So why bother? Editors and agents like them, for one. They work great in query letters. And when someone discovers you're writing a novel and asks what it's about, it's nice to have a concise sentence ready to roll off the tongue, instead of meandering over 800 pages of setting, plot and character, which I tend to do in such situations.
In a series of posts on pitches agent Kristin Nelson recommended examining the first 30 to 50 pages of your manuscript when writing a pitch/hook. Zero in on the main catalyst that starts the story forward--the main conflict from which all else in the novel evolves. She's talking about a pitch paragraph. But I reckon the same holds true for a sentence. It's just a little harder. Maybe.

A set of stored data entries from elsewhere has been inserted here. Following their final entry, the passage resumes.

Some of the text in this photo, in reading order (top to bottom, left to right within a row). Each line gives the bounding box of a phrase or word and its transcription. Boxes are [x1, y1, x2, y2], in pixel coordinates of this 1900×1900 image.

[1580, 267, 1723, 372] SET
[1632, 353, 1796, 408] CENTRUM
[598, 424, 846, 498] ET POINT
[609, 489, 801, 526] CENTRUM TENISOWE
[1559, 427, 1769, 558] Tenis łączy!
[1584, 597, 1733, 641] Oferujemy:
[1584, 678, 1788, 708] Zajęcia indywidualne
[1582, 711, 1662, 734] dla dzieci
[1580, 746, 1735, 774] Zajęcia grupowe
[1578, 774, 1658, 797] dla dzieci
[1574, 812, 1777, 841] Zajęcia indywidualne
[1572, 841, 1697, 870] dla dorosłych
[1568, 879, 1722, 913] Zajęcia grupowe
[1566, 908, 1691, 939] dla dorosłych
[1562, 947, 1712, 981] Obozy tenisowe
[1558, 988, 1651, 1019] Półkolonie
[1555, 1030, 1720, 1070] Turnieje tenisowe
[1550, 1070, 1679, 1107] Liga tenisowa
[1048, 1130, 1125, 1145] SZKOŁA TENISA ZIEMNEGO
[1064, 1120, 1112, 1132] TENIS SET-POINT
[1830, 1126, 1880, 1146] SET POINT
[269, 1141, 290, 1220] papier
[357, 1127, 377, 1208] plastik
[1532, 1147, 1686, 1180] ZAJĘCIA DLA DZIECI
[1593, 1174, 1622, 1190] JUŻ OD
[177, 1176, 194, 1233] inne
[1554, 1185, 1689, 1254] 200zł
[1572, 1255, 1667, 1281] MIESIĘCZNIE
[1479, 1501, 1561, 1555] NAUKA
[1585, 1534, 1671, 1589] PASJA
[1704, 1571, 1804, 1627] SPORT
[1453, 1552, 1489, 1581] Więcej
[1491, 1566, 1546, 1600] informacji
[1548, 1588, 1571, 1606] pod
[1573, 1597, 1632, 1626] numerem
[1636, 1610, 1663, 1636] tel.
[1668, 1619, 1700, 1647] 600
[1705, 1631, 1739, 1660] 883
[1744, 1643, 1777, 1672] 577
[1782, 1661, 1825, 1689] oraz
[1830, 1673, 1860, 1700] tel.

I've played around with it from two POVs (point of views), Ian's and Seona's. While I had every intention of both characters having equal part in telling this story, Ian took control (stubborn, head-strong guy he is) and now more like 2/3 of the novel is told from his POV. Still, Seona's voice is integral.
Current one line pitches. Ian's POV first, then Seona's.
When prodigal son Ian Cameron journeys to North Carolina to become his uncle's heir, instead of settling to the life of a gentleman planter he becomes obsessed with one of his uncle's slaves—who bears a disturbing family resemblance.
When the master's nephew returns to Mountain Laurel as heir apparent, the boundaries between the Big House and the slave quarter are irrevocably breached, and one slave's secrets perilously exposed.
Anyone prefer one over the other? So far, I prefer the second one, although the two of them together make a fuller, clearer picture of the storyline (which is not genre romance).